Problem details
Please transcribe the data below in full, word for word, without the images.

Data for review
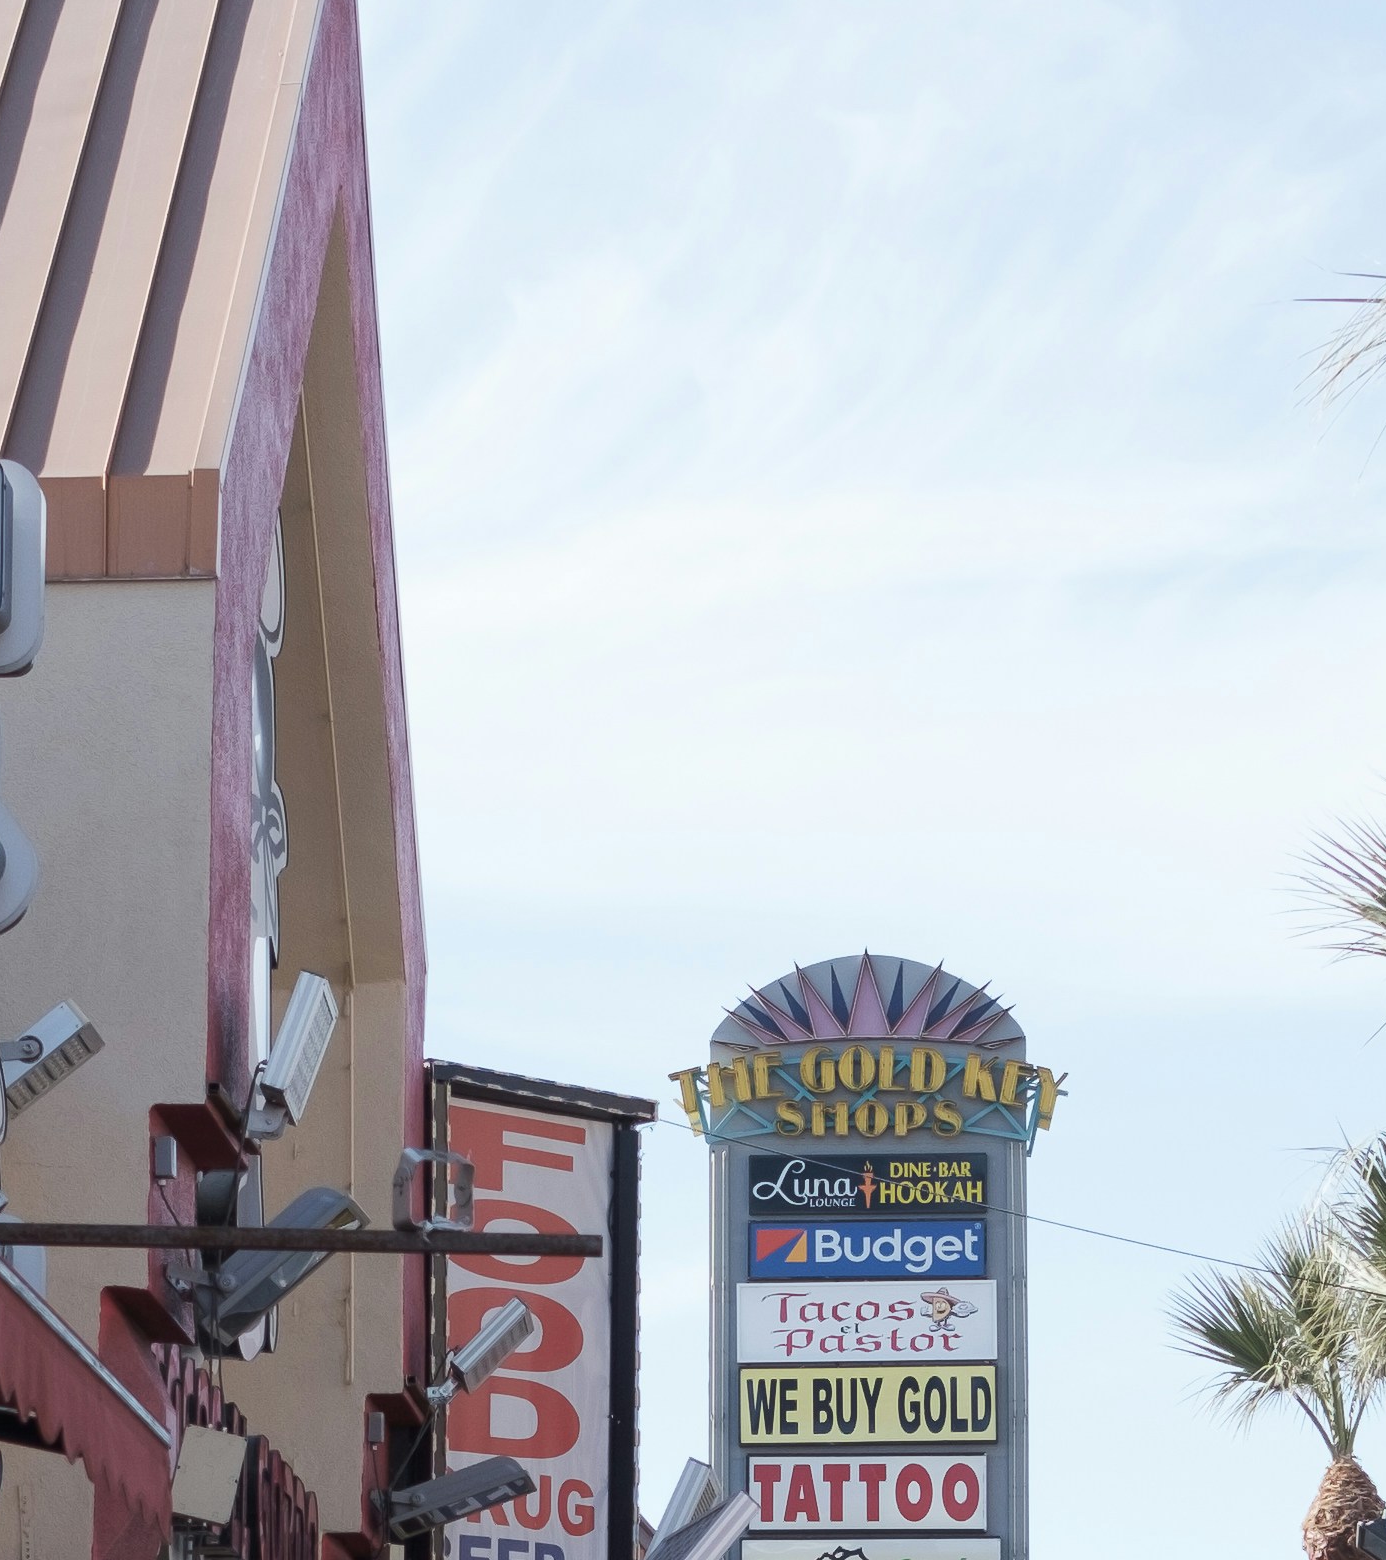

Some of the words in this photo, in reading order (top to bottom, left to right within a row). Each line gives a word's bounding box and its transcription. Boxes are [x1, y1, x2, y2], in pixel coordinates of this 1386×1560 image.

[668, 1051, 785, 1130] THE
[800, 1044, 947, 1095] GOLD
[962, 1051, 1068, 1128] KEY
[775, 1097, 964, 1138] SHOPS
[752, 1159, 858, 1206] Luna
[809, 1197, 856, 1207] LOUNGE
[879, 1180, 983, 1204] HOOKAH
[815, 1228, 979, 1273] Budget
[447, 1104, 587, 1460] FOOD
[761, 1292, 916, 1323] Tacos
[840, 1322, 861, 1334] el
[771, 1327, 964, 1357] Pastor
[746, 1378, 799, 1435] WE
[812, 1377, 884, 1435] BUY
[897, 1375, 992, 1434] GOLD
[447, 1467, 595, 1537] UG
[753, 1462, 980, 1523] TATTOO
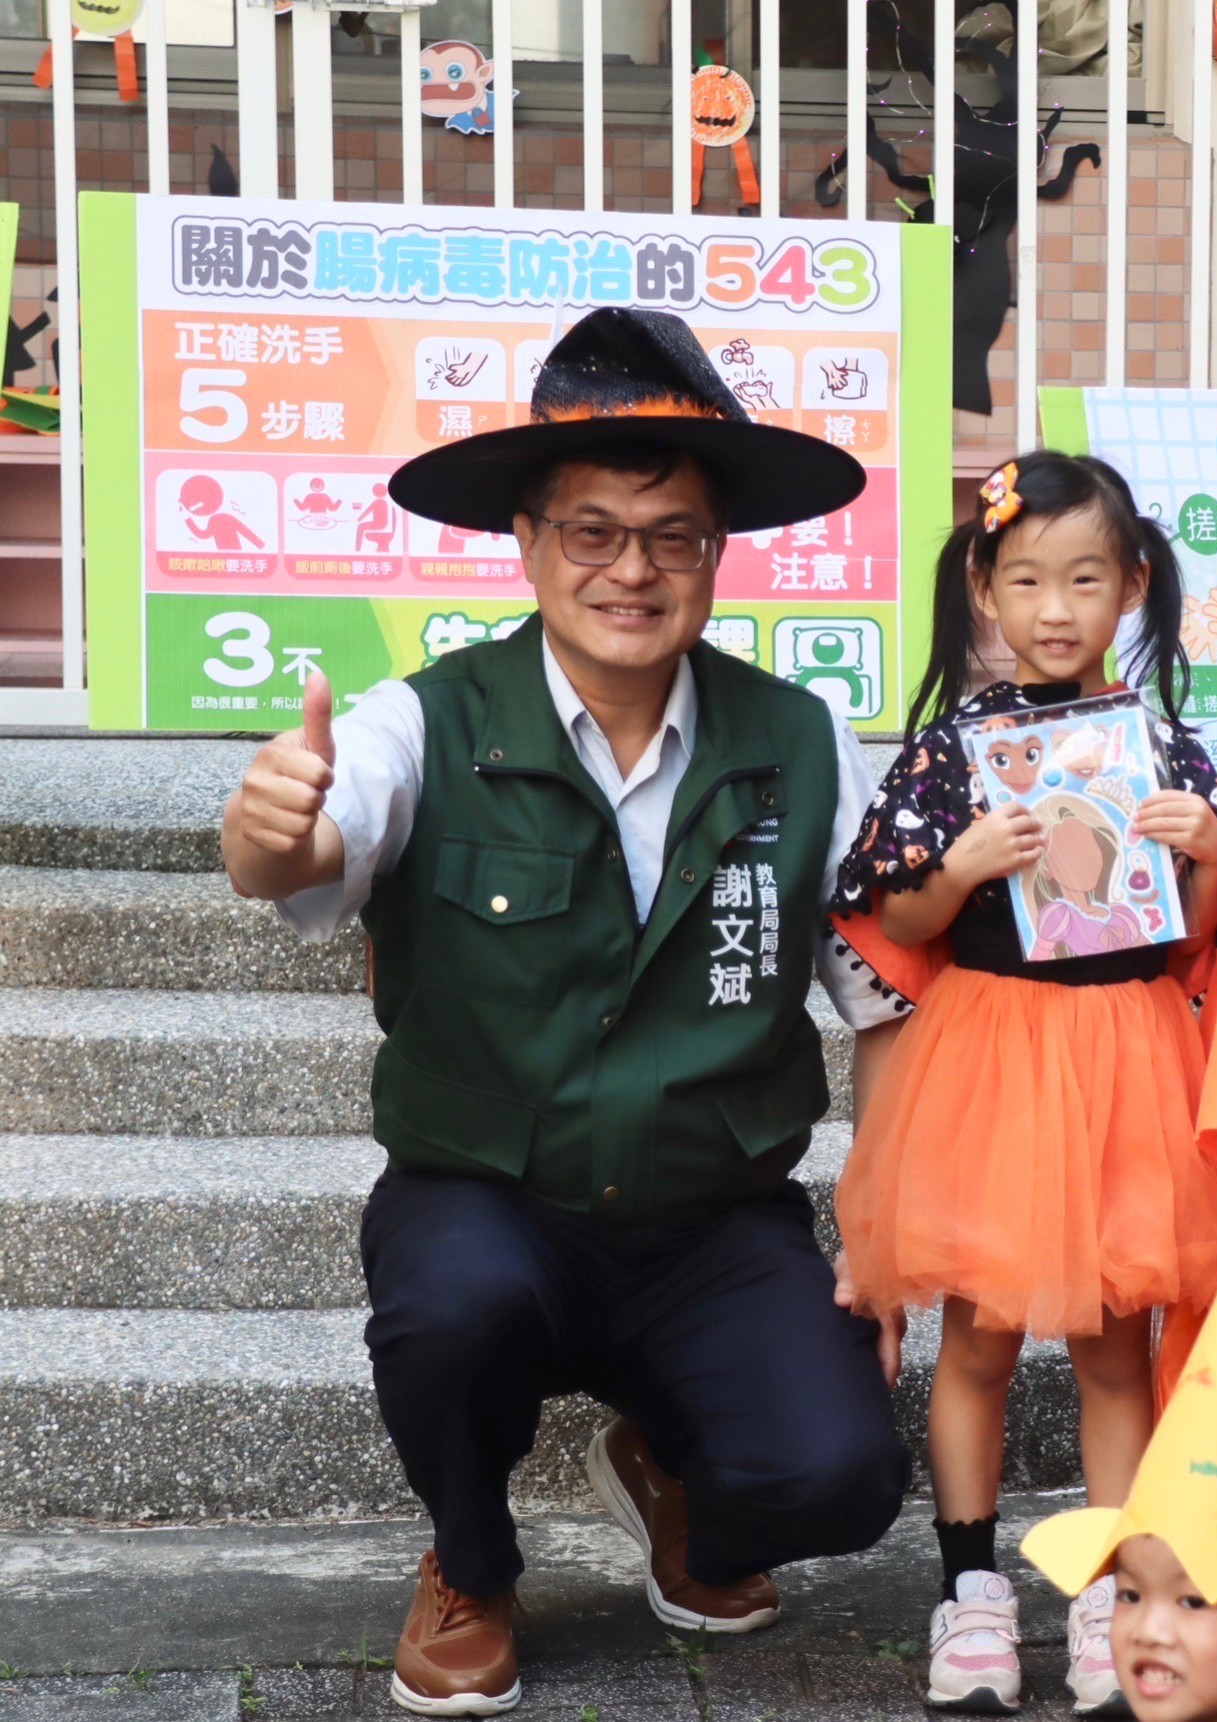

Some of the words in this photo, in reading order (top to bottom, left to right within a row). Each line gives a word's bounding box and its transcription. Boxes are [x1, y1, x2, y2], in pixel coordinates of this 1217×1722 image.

[179, 223, 876, 308] 關於腸病毒防治的543
[175, 321, 344, 365] 正確洗手
[438, 405, 474, 438] 濕
[824, 414, 856, 446] 擦
[1186, 506, 1217, 541] 搓
[770, 551, 873, 591] 注意！
[708, 863, 754, 1006] 謝文斌
[755, 862, 780, 978] 教育局局長

Answer to this task
Some of the words in this photo, in reading order (top to bottom, left to right within a row). Each line gives a word's bounding box and its transcription. Boxes are [x1, y1, x2, y2], in pixel coordinates of this 1386×1560 image.

[668, 1051, 785, 1130] THE
[800, 1044, 947, 1095] GOLD
[962, 1051, 1068, 1128] KEY
[775, 1097, 964, 1138] SHOPS
[752, 1159, 858, 1206] Luna
[809, 1197, 856, 1207] LOUNGE
[879, 1180, 983, 1204] HOOKAH
[815, 1228, 979, 1273] Budget
[447, 1104, 587, 1460] FOOD
[761, 1292, 916, 1323] Tacos
[840, 1322, 861, 1334] el
[771, 1327, 964, 1357] Pastor
[746, 1378, 799, 1435] WE
[812, 1377, 884, 1435] BUY
[897, 1375, 992, 1434] GOLD
[447, 1467, 595, 1537] UG
[753, 1462, 980, 1523] TATTOO

Some of the words in this photo, in reading order (top to bottom, left to right within a row). Each line gives a word's bounding box and its transcription. Boxes are [x1, y1, x2, y2], in pixel coordinates of this 1217×1722 image.

[179, 223, 876, 308] 關於腸病毒防治的543
[175, 321, 344, 365] 正確洗手
[438, 405, 474, 438] 濕
[824, 414, 856, 446] 擦
[1186, 506, 1217, 541] 搓
[770, 551, 873, 591] 注意！
[708, 863, 754, 1006] 謝文斌
[755, 862, 780, 978] 教育局局長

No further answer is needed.